TLRs erkennen Eindringlinge am Muster
Ein anderes brisantes Forschungsthema sind die Toll-like-Rezeptoren (TLR), die unter anderem auf der Oberfläche von Immunzellen (auch den dendritischen Zellen) sitzen und sozusagen als erste Verteidigungslinie der angeborenen Immunabwehr Eindringlinge an ihrem typischen Muster erkennen. Das namengebende Gen und Protein war ursprünglich bei der frühen Embryogenese der Taufliege Drosophila von den späteren Nobelpreisträgern Christiane Nüsslein-Volhard und Eric Wieschaus entdeckt worden.
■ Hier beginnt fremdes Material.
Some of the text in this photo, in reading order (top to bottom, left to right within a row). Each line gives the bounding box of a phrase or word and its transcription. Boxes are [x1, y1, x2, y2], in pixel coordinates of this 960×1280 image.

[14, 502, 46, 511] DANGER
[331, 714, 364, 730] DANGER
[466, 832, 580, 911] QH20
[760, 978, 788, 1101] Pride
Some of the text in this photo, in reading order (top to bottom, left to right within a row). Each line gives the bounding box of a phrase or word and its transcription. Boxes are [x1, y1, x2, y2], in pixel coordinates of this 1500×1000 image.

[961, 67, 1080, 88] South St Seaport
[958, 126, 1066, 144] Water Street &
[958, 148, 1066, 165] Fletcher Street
Später fand der Immunologe Jules Hoffmann, dass Mutationen in diesem Gen für die Fliegen tödlich sind, weil keine Immunreaktion in Gang gesetzt werden kann. Ein Befund, der die Erforschung der Immunabwehr bei „einfachen“ wirbellosen Organismen stimulierte.
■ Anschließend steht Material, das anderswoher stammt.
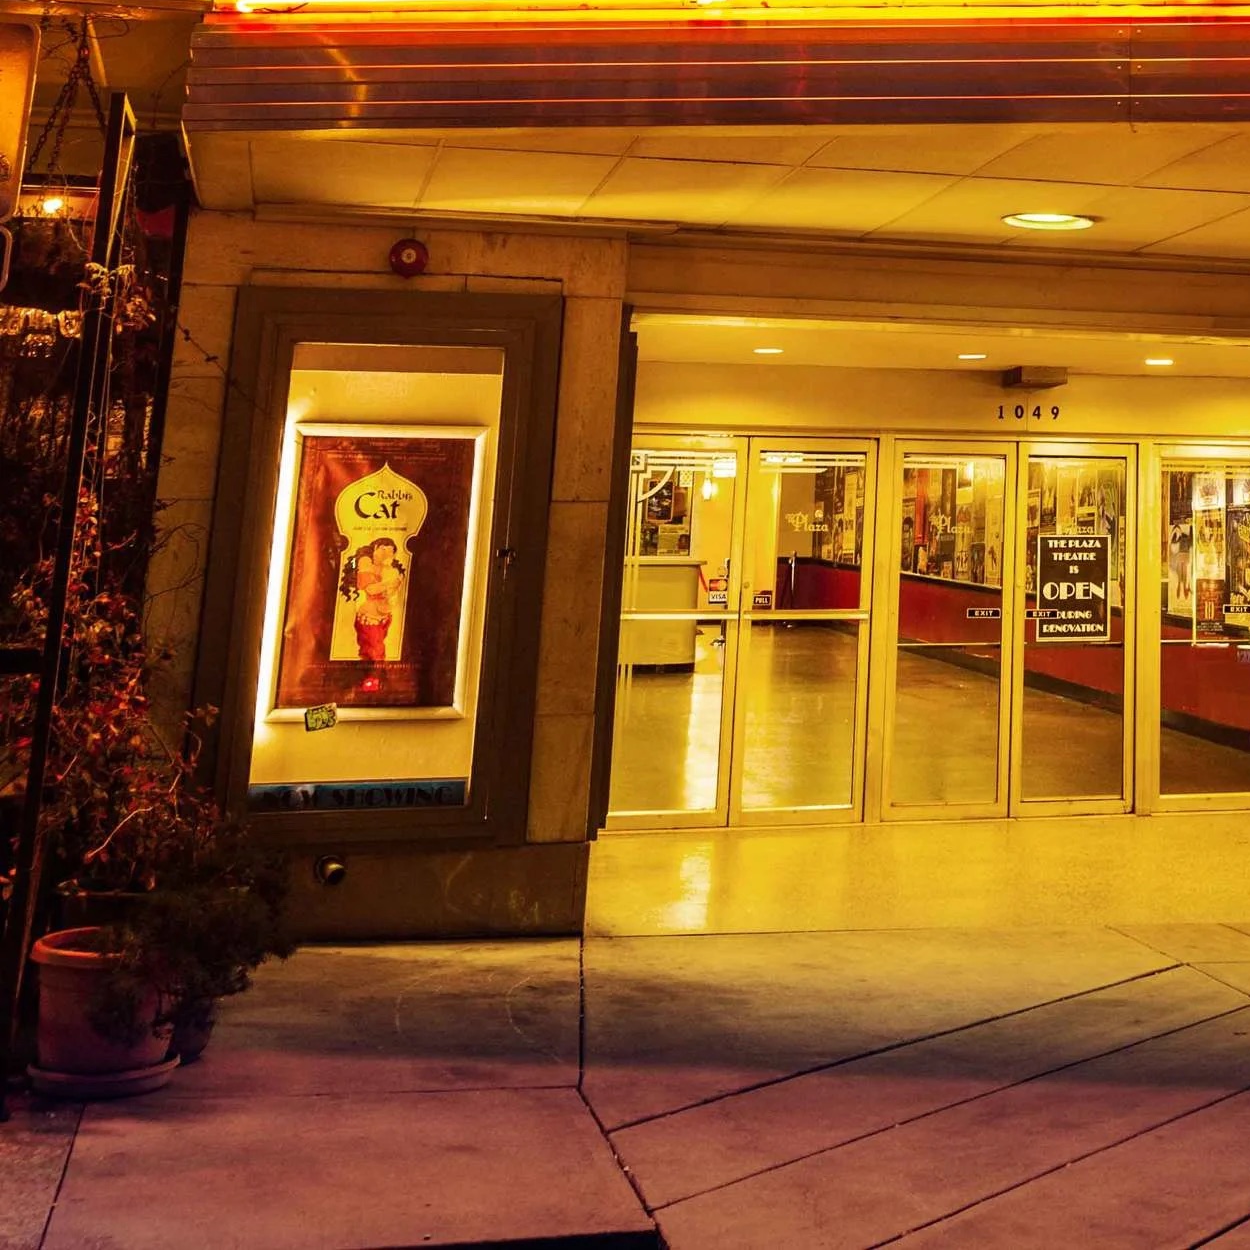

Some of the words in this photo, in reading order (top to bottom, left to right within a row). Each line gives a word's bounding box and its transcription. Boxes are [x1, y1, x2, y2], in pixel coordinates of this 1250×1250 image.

Zwei Jahre später entdeckte Bruce Beutler TLRs in Mäusen. Inzwischen sind mindestens zwölf solcher mit „Toll“ homologen Rezeptoren beim Menschen nachgewiesen worden - hoch konservative Komponenten eines phylogenetisch offenbar uralten angeborenen Immunsystems, das Entzündungsreaktionen als Bakterienabwehr, aber auch den berüchtigten septischen Schock auslöst. Sowohl Hoffmann als auch Beutler wurden wie Steinman 2011 mit dem Medizin-Nobelpreis ausgezeichnet. Auch Wissenschaftler baden-württembergischer Universitäten sind an der Aufklärung der TLR-abhängigen Immunreaktionen wesentlich beteiligt.
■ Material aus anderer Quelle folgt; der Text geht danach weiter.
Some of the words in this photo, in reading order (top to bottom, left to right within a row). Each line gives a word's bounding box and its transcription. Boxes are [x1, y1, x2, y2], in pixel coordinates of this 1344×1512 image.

Stark verzweigte Querschnittswissenschaft
Allergische Reaktionen sind ebenfalls eines der zentralen Themen immunologischer Forschung mit Anwendung in der medizinischen Praxis. Wegen ihrer großen und in unserer Gesellschaft ständig wachsenden Bedeutung werden sie in einem eigenen Dossier „Volksseuche Allergie“ behandelt. Dazu gehört auch die Erforschung der Signalkaskaden, die an der Entstehung einer Allergie beteiligt sind und die durch Mastzellen in Gang gesetzt werden. Man war lange davon ausgegangen, dass Mastzellen auch bei der Entstehung von Autoimmunkrankheiten maßgeblich beteiligt sind; das scheint nach neuen Erkenntnissen aus dem Deutschen Krebsforschungszentrum aber nicht der Fall zu sein. Von Erkrankungen des Immunsystems kann jedes Organ des Körpers oder auch systemisch der ganze Körper betroffen sein. Autoimmunkrankheiten und die Erkennung bzw. Nicht-Erkennung von Krebszellen durch das Immunsystem sind, ebenso wie die Transplantationsimmunologie und die Erforschung der Immun-Stammzellen, hochaktuelle Forschungsgebiete, mit denen sich Artikel in diesem Dossier befassen.
Der Heidelberger Immunologe Stefan Meuer hat die Immunologie als eine Querschnittswissenschaft bezeichnet, deren einzelne Zweige von niemandem mehr vollständig überblickt werden können. Ihre Erkenntnisse strahlen in viele Bereiche der Biologie und Medizin aus und sie selbst wird durch Entwicklungen in anderen Forschungsdisziplinen transformiert. Gerade diese Wechselwirkungen machen die Immunologie zu einer so faszinierenden, sich ständig verjüngenden Wissenschaft. Auch mehr als hundert Jahre nach den ersten Nobelpreisen der Medizin, die den Gründervätern der modernen Immunologie - Emil von Behring, Robert Koch, Ilja Metschnikow und Paul Ehrlich- verliehen worden waren, ist die immunologische Forschung immer wieder für überraschende, nobelpreiswürdige Entdeckungen gut.